Based on the foregoing, and subject to the further assumptions and qualifications set forth below, it is our opinion that:
1. (a) The Common Stock, when authorized, issued and sold by the Company in the manner described in the Registration Statement and in accordance with the resolutions to be adopted by the Board of Directors of the Company, will be duly and validly issued, fully paid and nonassessable, and (b) in the case of any shares of Common Stock to be issued under any Warrants or upon conversion of Preferred Stock or Debt or upon exercise of Rights, upon due exercise of any payment of the exercise price specified in such Warrants, such Common Stock will be duly and validly issued, fully paid and nonassessable.
2. Assuming that the issuance and terms of any series of Preferred Stock and the terms of the offering thereof have been duly authorized, when (a) a Certificate of Designation fixing and determining the terms of the Preferred Stock has been duly filed with the Secretary of State of the State of Delaware and accepted for record and (b) in the case of any shares of Preferred Stock to be issued under any Warrants, upon due exercise of any payment of the exercise price specified in such Warrants, such Preferred Stock (including any shares of Preferred Stock that may be issued upon exercise, conversion, exchange or otherwise pursuant to the terms of any other Securities) will be duly and validly issued, fully paid and nonassessable.
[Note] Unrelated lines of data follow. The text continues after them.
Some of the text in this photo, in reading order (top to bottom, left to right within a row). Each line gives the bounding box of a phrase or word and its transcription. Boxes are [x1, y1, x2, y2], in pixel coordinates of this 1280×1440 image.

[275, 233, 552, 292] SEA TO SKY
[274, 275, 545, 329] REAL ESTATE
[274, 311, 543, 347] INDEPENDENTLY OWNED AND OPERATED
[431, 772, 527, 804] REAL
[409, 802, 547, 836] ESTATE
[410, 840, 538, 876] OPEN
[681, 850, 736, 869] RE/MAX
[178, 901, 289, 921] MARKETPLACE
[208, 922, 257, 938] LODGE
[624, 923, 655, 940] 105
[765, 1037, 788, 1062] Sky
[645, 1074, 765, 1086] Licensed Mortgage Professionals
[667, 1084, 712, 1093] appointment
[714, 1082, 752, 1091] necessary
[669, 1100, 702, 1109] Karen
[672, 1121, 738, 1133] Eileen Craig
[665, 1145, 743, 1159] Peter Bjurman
3. Assuming that the issuance and terms of any Rights and the terms of the offering thereof have been duly authorized, when (a) the Rights Agreement or Rights Agreements relating to such Rights have been duly authorized, executed and delivered by the Company and the rights agent appointed by the Company and (b) such Rights or certificates representing such Rights have been duly executed, authenticated, issued, paid for and delivered as contemplated in the Registration Statement and any prospectus supplement relating thereto, and in accordance with any underwriting agreement or purchase agreement, such Rights will constitute valid and binding obligations of the Company, enforceable against the Company in accordance with their terms.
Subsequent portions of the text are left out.